== Segment start ==

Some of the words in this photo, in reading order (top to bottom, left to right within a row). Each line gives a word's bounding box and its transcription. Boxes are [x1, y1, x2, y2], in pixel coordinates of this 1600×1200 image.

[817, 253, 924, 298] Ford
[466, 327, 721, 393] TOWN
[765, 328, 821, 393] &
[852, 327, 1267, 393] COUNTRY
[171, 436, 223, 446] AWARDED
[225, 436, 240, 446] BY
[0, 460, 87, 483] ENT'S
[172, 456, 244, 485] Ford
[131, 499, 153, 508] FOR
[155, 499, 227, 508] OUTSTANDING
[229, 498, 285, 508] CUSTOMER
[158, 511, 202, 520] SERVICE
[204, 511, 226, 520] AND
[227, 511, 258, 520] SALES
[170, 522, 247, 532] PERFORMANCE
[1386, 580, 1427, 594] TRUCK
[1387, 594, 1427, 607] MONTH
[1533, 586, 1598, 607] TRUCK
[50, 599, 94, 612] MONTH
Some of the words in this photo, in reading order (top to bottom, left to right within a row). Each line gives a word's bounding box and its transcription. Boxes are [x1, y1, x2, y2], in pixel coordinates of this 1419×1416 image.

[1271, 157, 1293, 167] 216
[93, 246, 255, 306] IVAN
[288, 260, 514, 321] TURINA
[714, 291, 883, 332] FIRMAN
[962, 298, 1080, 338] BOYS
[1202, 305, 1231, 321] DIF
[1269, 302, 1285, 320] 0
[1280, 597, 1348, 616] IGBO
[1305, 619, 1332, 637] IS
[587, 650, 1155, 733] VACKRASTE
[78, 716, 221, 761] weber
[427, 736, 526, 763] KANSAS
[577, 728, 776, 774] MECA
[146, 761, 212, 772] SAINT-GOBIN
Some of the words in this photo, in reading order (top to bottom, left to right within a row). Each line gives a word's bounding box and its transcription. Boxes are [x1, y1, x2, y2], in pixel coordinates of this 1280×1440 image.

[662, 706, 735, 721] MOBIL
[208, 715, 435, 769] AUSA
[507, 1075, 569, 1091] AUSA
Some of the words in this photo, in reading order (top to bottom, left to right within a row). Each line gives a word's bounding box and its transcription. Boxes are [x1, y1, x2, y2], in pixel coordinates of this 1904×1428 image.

== Segment end ==

For this task, retype the material exactly, line for line.

Some of the words in this photo, in reading order (top to bottom, left to right within a row). Each line gives a word's bounding box and its transcription. Boxes are [x1, y1, x2, y2], in pixel coordinates of this 1600×1200 image.

[817, 253, 924, 298] Ford
[466, 327, 721, 393] TOWN
[765, 328, 821, 393] &
[852, 327, 1267, 393] COUNTRY
[171, 436, 223, 446] AWARDED
[225, 436, 240, 446] BY
[0, 460, 87, 483] ENT'S
[172, 456, 244, 485] Ford
[131, 499, 153, 508] FOR
[155, 499, 227, 508] OUTSTANDING
[229, 498, 285, 508] CUSTOMER
[158, 511, 202, 520] SERVICE
[204, 511, 226, 520] AND
[227, 511, 258, 520] SALES
[170, 522, 247, 532] PERFORMANCE
[1386, 580, 1427, 594] TRUCK
[1387, 594, 1427, 607] MONTH
[1533, 586, 1598, 607] TRUCK
[50, 599, 94, 612] MONTH
Some of the words in this photo, in reading order (top to bottom, left to right within a row). Each line gives a word's bounding box and its transcription. Boxes are [x1, y1, x2, y2], in pixel coordinates of this 1419×1416 image.

[1271, 157, 1293, 167] 216
[93, 246, 255, 306] IVAN
[288, 260, 514, 321] TURINA
[714, 291, 883, 332] FIRMAN
[962, 298, 1080, 338] BOYS
[1202, 305, 1231, 321] DIF
[1269, 302, 1285, 320] 0
[1280, 597, 1348, 616] IGBO
[1305, 619, 1332, 637] IS
[587, 650, 1155, 733] VACKRASTE
[78, 716, 221, 761] weber
[427, 736, 526, 763] KANSAS
[577, 728, 776, 774] MECA
[146, 761, 212, 772] SAINT-GOBIN
Some of the words in this photo, in reading order (top to bottom, left to right within a row). Each line gives a word's bounding box and its transcription. Boxes are [x1, y1, x2, y2], in pixel coordinates of this 1280×1440 image.

[662, 706, 735, 721] MOBIL
[208, 715, 435, 769] AUSA
[507, 1075, 569, 1091] AUSA
Some of the words in this photo, in reading order (top to bottom, left to right within a row). Each line gives a word's bounding box and its transcription. Boxes are [x1, y1, x2, y2], in pixel coordinates of this 1904×1428 image.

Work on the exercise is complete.